Warthrop had promised justice for Hezekiah Varner and those other poor unfortunates suffering behind the heavy padlocked doors of Motley Hill. That promise was kept, though doubtlessly not in the way he had anticipated. Indeed, I do not think that promise was foremost in his mind the morning we arrived in Dedham, three days after the felling of the mother Anthropophagus. It wasn’t justice he sought; it was answers. Not equity, but exorcism.
“Charming,” Kearns commented upon our arrival at the decrepit sanatorium. He had insisted, before taking his leave of New England, on accompanying us. He, too, wanted to verify Warthrop’s revised theory of the case-or so he said. “I was committed once. Have I ever told you, Pellinore? Oh, yes, for three long years before I managed to effect my escape. I was all of seventeen. The entire abysmal episode was my dear mother’s doing, God rest her angelic soul.” He looked down at me and smiled. “She is catalogued with your employer’s Society, under M for ‘Monsters, Maternal.’ Four days after my return she fell down the stairs and broke her neck.”

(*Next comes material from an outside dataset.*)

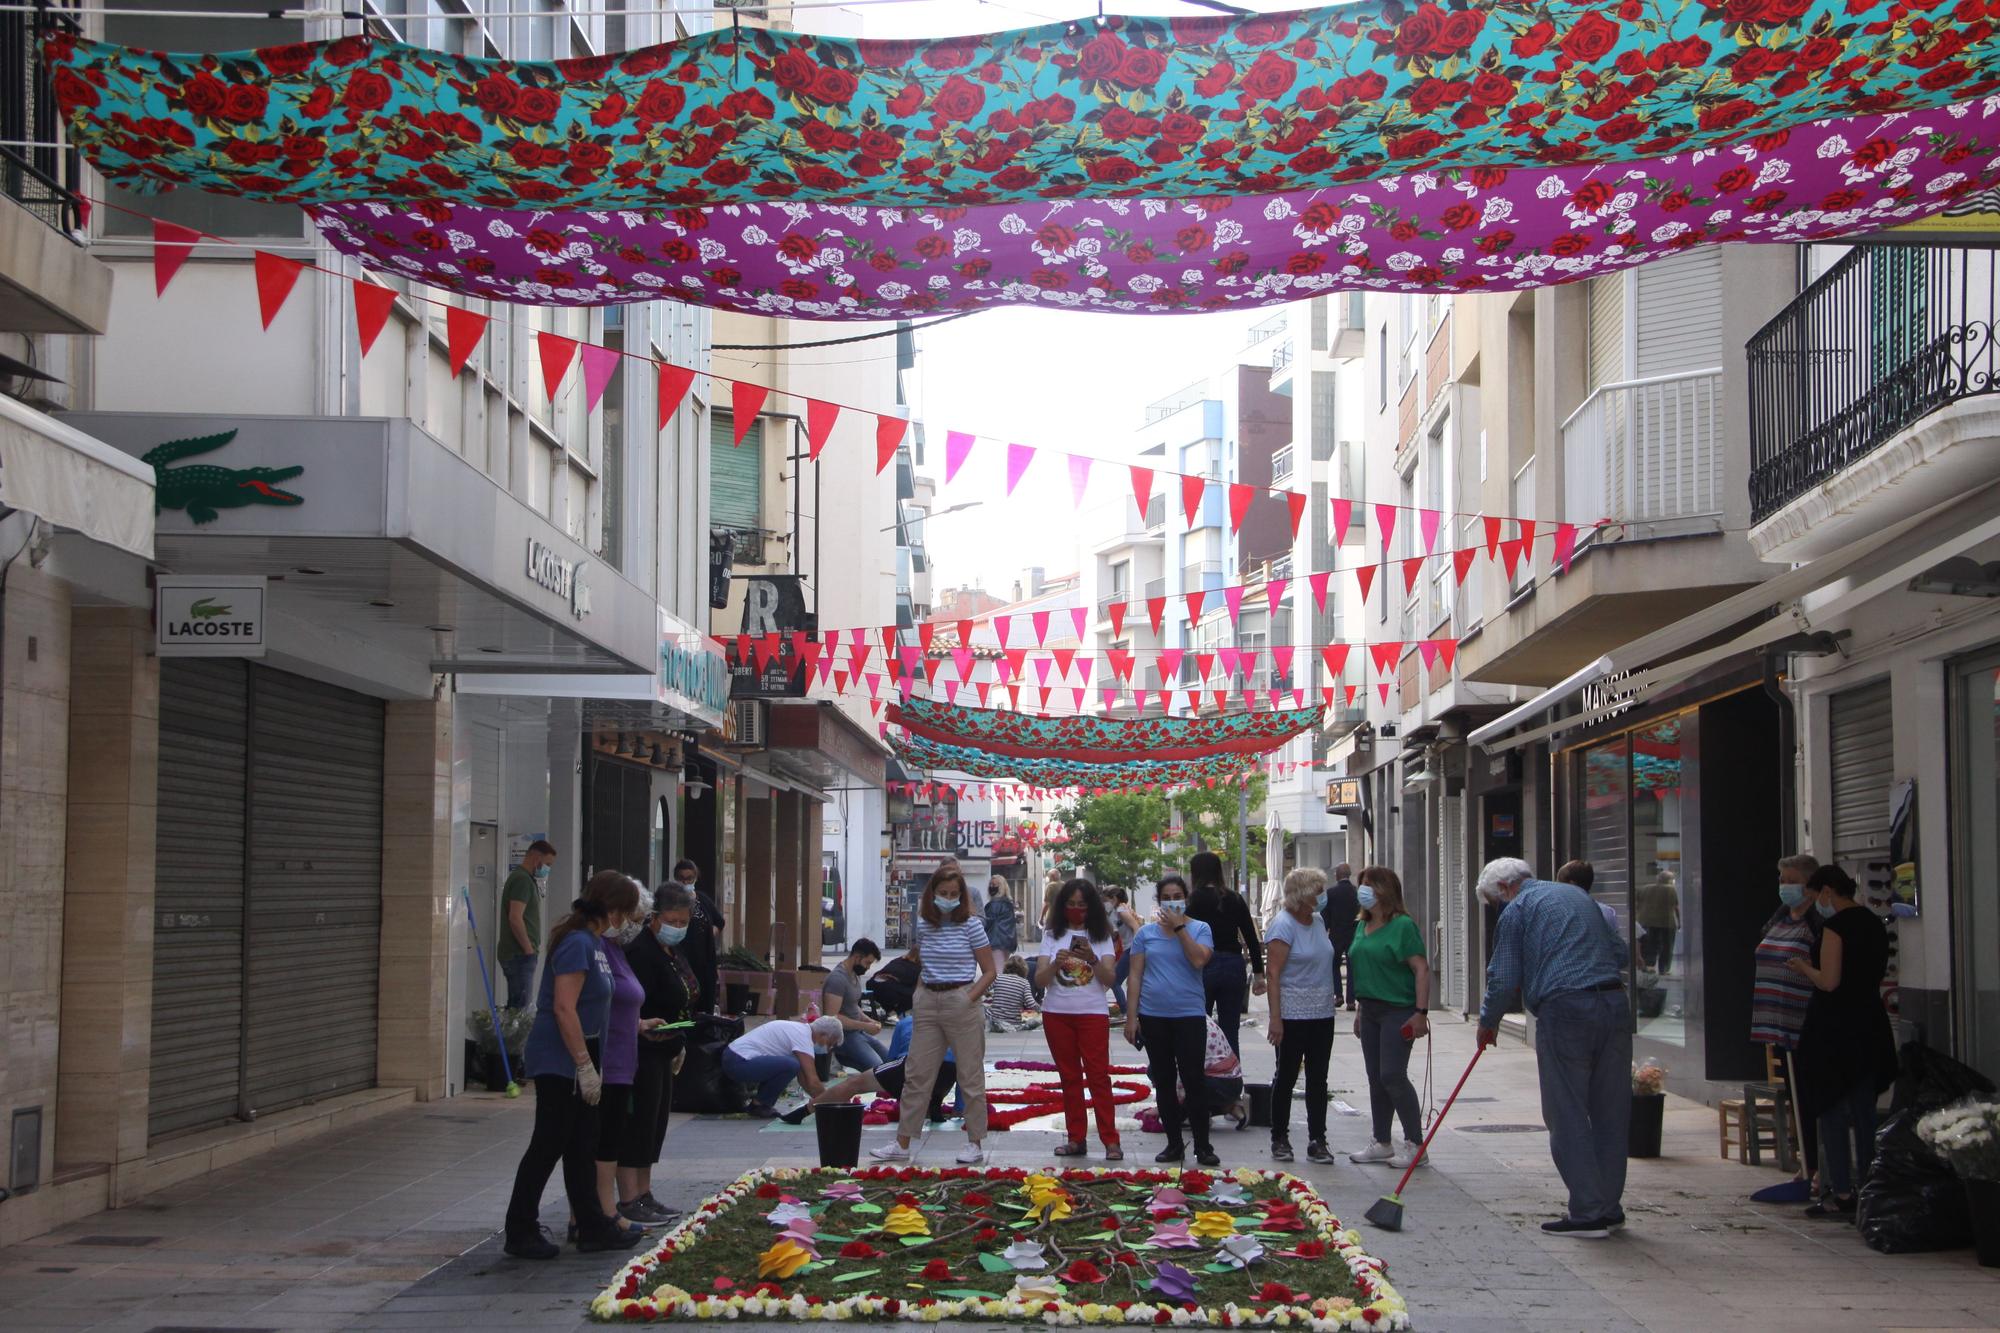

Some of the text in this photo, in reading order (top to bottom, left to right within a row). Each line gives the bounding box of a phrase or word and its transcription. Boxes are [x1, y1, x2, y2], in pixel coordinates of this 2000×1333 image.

[747, 580, 779, 638] R
[169, 622, 254, 636] LACOSTE
[956, 820, 1000, 848] BLUE

“Why did she commit you?” I asked.
“I was precocious.”
The erstwhile black-clad Mrs. Bratton showed little surprise at our unexpected appearance upon the sagging stoop. The doctor handed her his card and twenty dollars in gold, and presently we were escorted to the little parlor with its odiferous atmosphere and tired trappings, where the ancient alienist huddled in his dressing gown beneath a threadbare blanket, shivering despite the robust fire dancing in the hearth.
There were few preliminary pleasantries. With a gleam in his charcoal eyes, Kearns introduced himself as Dr. John J.J. Schmidt of Whitechapel.
“And what is your area of expertise, Doctor?” inquired the old man.
“Anatomy,” answered Kearns.
Warthrop deposited two more coins upon the table by Starr’s elbow and immediately inaugurated the interrogation.
“Who were Slidell and Mason?” he asked.
“Madmen,” murmured Starr.
“Is that a formal diagnosis?” wondered Kearns.
“No, but I assure you, Dr. Schmidt, madness is my area of expertise.”
“They were agents of the Confederacy?” pressed the doctor.
“They never claimed to be, Warthrop, at least not to me, but I met them only once, and that briefly. Certainly they were fanatical over ‘the cause,’ as they called it, the most dangerous kind of fanatics too: fanatics with fabulous sums at their disposal.”
“My father introduced you,” said the doctor. It was not a question.
The old man nodded, and even that small gesture propelled him into a coughing jag that lasted at least two minutes, at the end of which he produced the same disgusting scrap of cloth and spat into it. Beside me Kearns chuckled, as if something about the ritual delighted him.